App of the week: Last Horizon review

Drain planets dry in the name of ‘saving humanity’

Your civilisation’s dead. Your planet’s drained of all resources. You’ve had better days.

On the bright side, you have a sturdy spaceship and a map. Across the galaxy is a planet ripe for terraforming. But since your own planet’s hardly offering a blueprint for success, you must collect ‘instructions’ along the way.

So Last Horizon has you scoot about a minimal galaxy, searching for planets to plunder, while trying your very best to not die. After blasting off, you rapidly discover space is a dangerous place. Comets and asteroids zoom and lurk, respectively, threatening to smash your fragile craft and all that’s left of humanity.

Planets invite landings but lazily rotate beneath your thrusting ship, while moons wheel overhead. Your craft can take a few bashes, but too much damage and it’ll glow red, and eventually burst into flames.
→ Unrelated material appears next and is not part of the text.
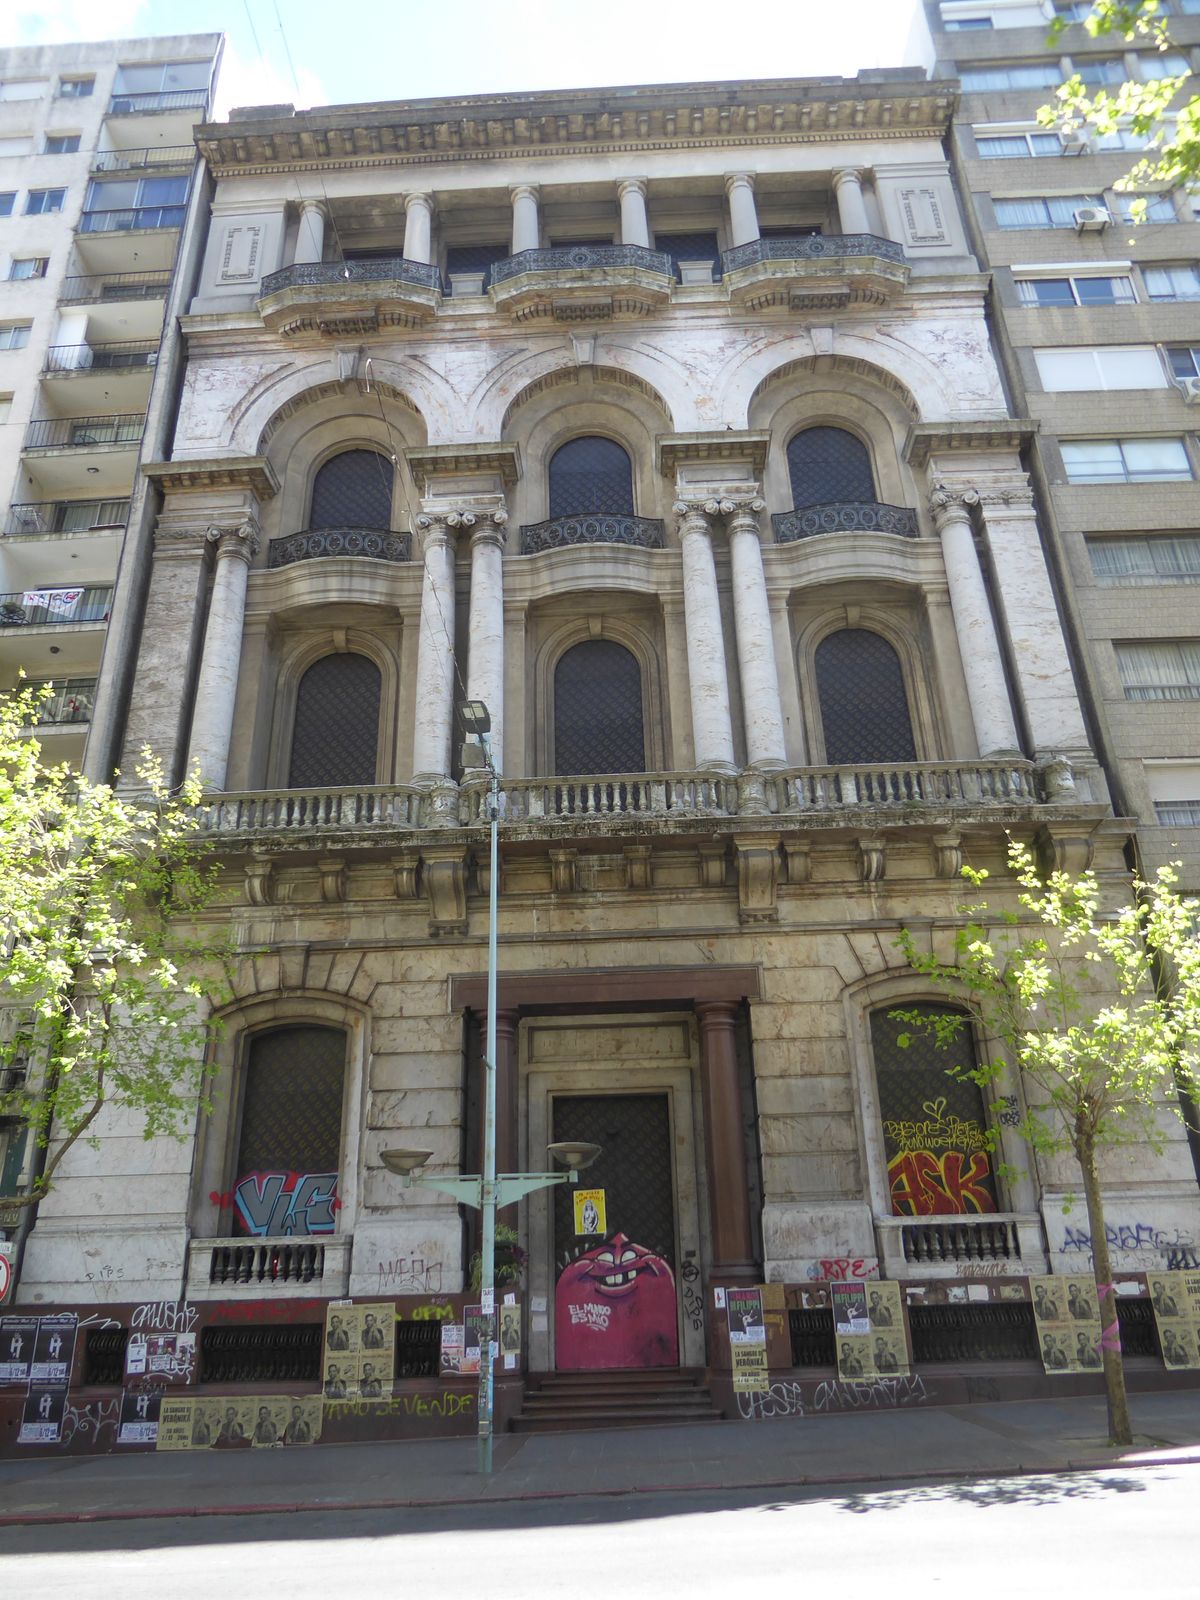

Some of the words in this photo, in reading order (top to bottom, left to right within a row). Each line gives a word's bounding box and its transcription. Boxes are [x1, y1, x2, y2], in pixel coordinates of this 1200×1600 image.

[568, 1304, 583, 1315] EL
[583, 1302, 611, 1315] MUNDO
[404, 1391, 473, 1417] VENDE
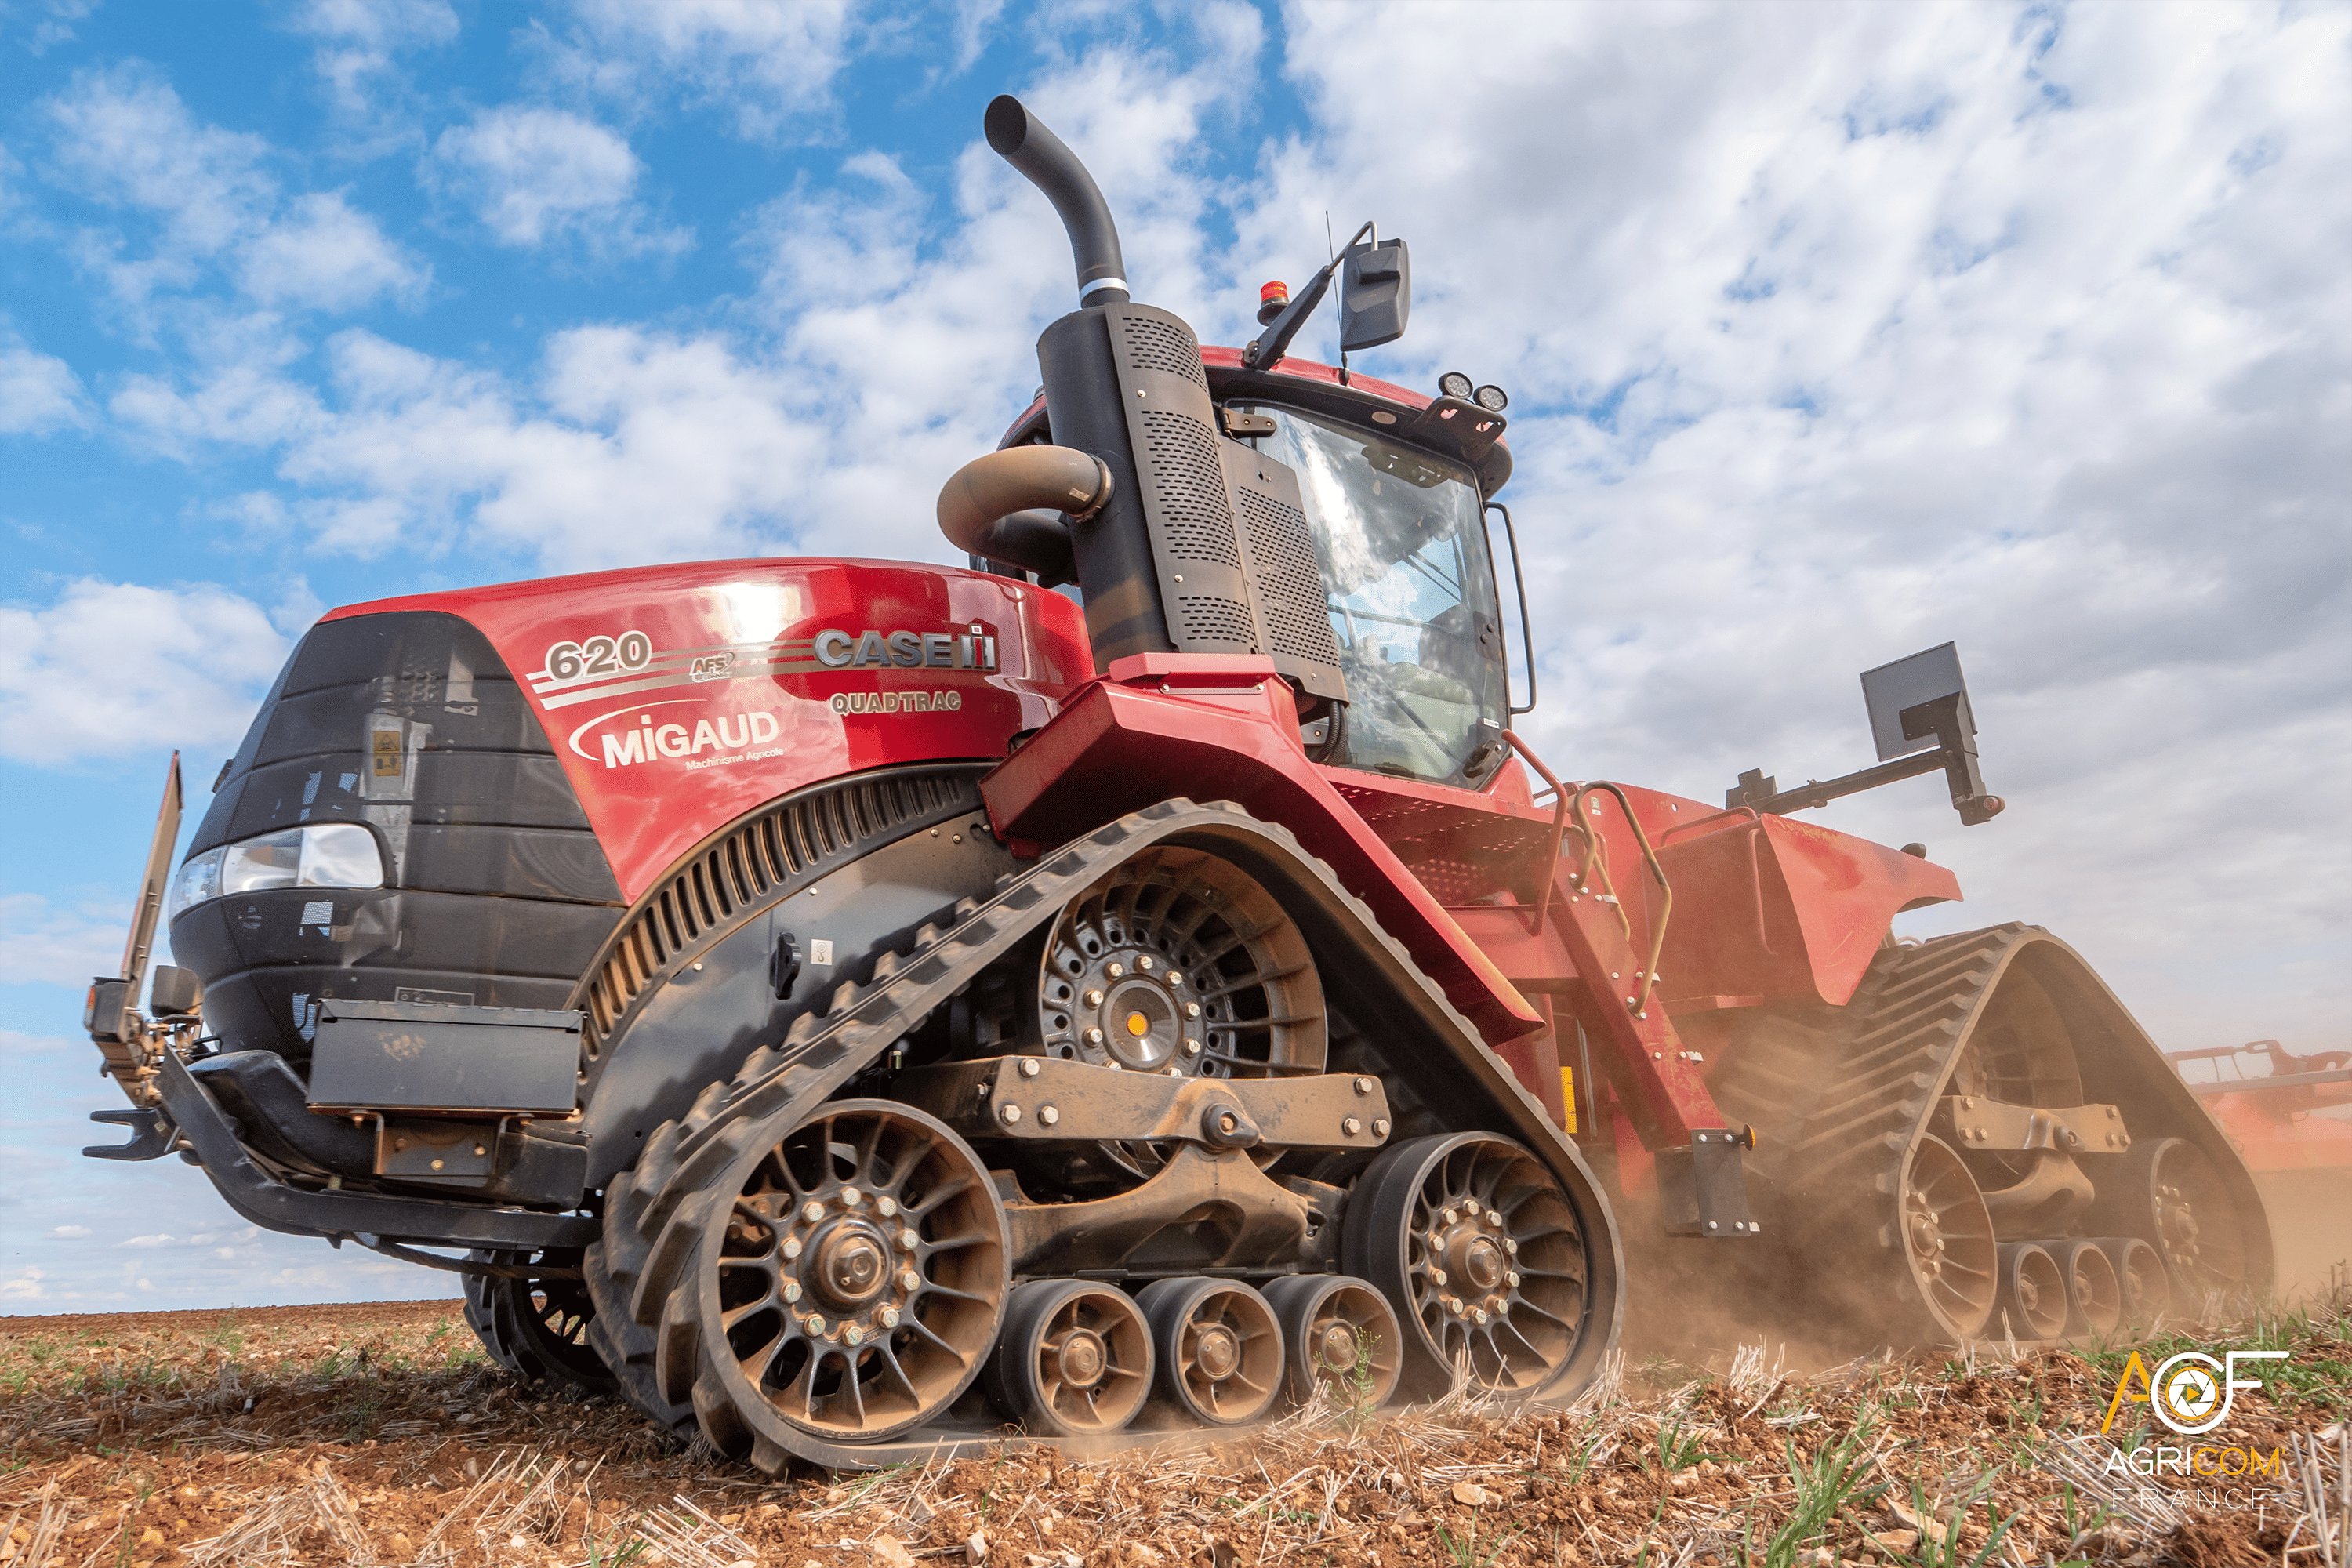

Also, you’ve limited fuel and oxygen. The game doesn’t state it, but we bet the galley’s run out of tea, just to add to the despair.

Mothersuckers

Mothersuckers

To inject some hope into proceedings — for a given value of hope — it turns out your ship is some kind of space techno-vampire. Land on a planet and it’ll magically suck out oxygen and fuel, along with mining ore to repair any recent prangs. Happen upon a planet with life, and the ship will ‘harvest’ it — and you choose whether to leave planets in a recoverable state or suck the galaxy entirely dry before arriving at your new home.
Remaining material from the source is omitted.